I can remember when gasoline was 19 cents per gallon. It was full of good smelling lead and was a beautiful golden-brown color. I used to sit in the back seat of the family car and watch the colored balls being agitated by the gas flowing through a glass dome on the side of the pump. The attendant would clean the windshield no matter what, and he wore a military-style uniform, including a shiny black plastic bow tie. If you said “gimme’ the works,” the attendant would check your tires’ air pressure, battery water, radiator, and oil. We didn’t have windshield washers on our car, or he would’ve checked their fluid level too.

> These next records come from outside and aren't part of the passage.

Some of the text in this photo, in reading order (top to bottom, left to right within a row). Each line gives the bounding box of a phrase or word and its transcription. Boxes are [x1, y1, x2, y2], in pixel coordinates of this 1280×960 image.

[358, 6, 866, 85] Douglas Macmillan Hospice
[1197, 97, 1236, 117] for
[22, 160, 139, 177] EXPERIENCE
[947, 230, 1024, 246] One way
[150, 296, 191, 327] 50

Now the whole fueling process is DYI, except in states where attendants are mandated to pump the gas for “safety” reasons. What a crock! They inevitably squeeze in a few more drops after the pump nozzle has done it’s auto shut-off, even though it says on the gas filler door “DO NOT TOP OFF.”

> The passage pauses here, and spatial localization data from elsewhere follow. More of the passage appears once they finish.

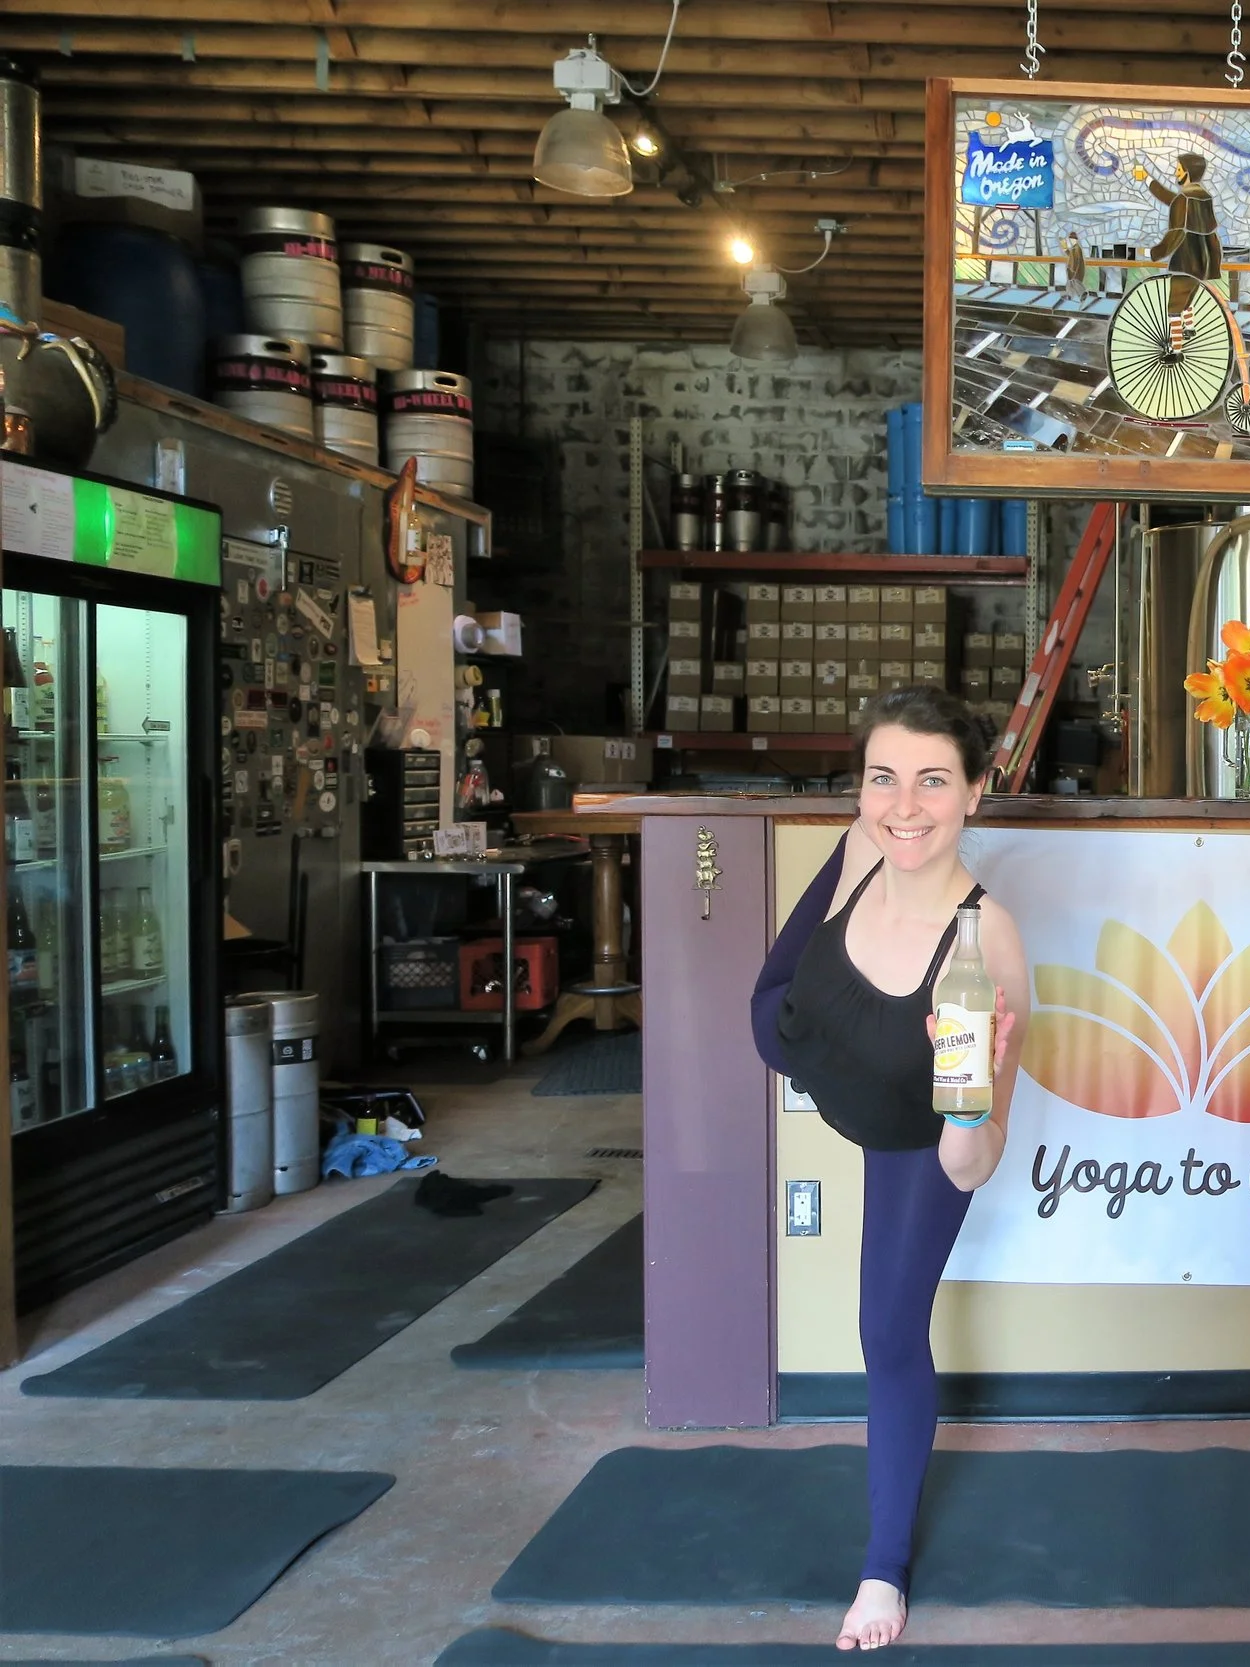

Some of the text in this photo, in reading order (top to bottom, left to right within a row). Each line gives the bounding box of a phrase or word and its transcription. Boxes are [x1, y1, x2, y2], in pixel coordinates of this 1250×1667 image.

[970, 150, 1048, 178] Made in
[980, 174, 1045, 202] Oregon
[947, 1032, 976, 1048] LEMON
[1032, 1144, 1174, 1219] Yoga
[1180, 1148, 1241, 1196] to

Now, with the end in sight, I bought an electric car. I don’t want to end my life as a puddle of crude oil in my front yard or living room. In fact, I’ve heard that the space microbes are getting into the electric car business so there will be more crude oil for them. This may be true. The person who sold me my Faraday, was weird. The Faraday was state of the art—a 6,000 mile range, numerous safety features, and an inward-facing dash cam monitoring me, with no off-on switch. I asked the salesperson Thad what was up with that. He told me it would record my “Driving Diary” or DD, to make sure I honored the Faraday creed. I had no idea what the creed was, but at that point I didn’t care. When I finally read it, I was kind of shocked, but it didn’t seem so bad. It’s reference to being “courteous to your overlords no matter where you drive or park” was the most off-putting provision, but I didn’t question it. I just wanted to drive.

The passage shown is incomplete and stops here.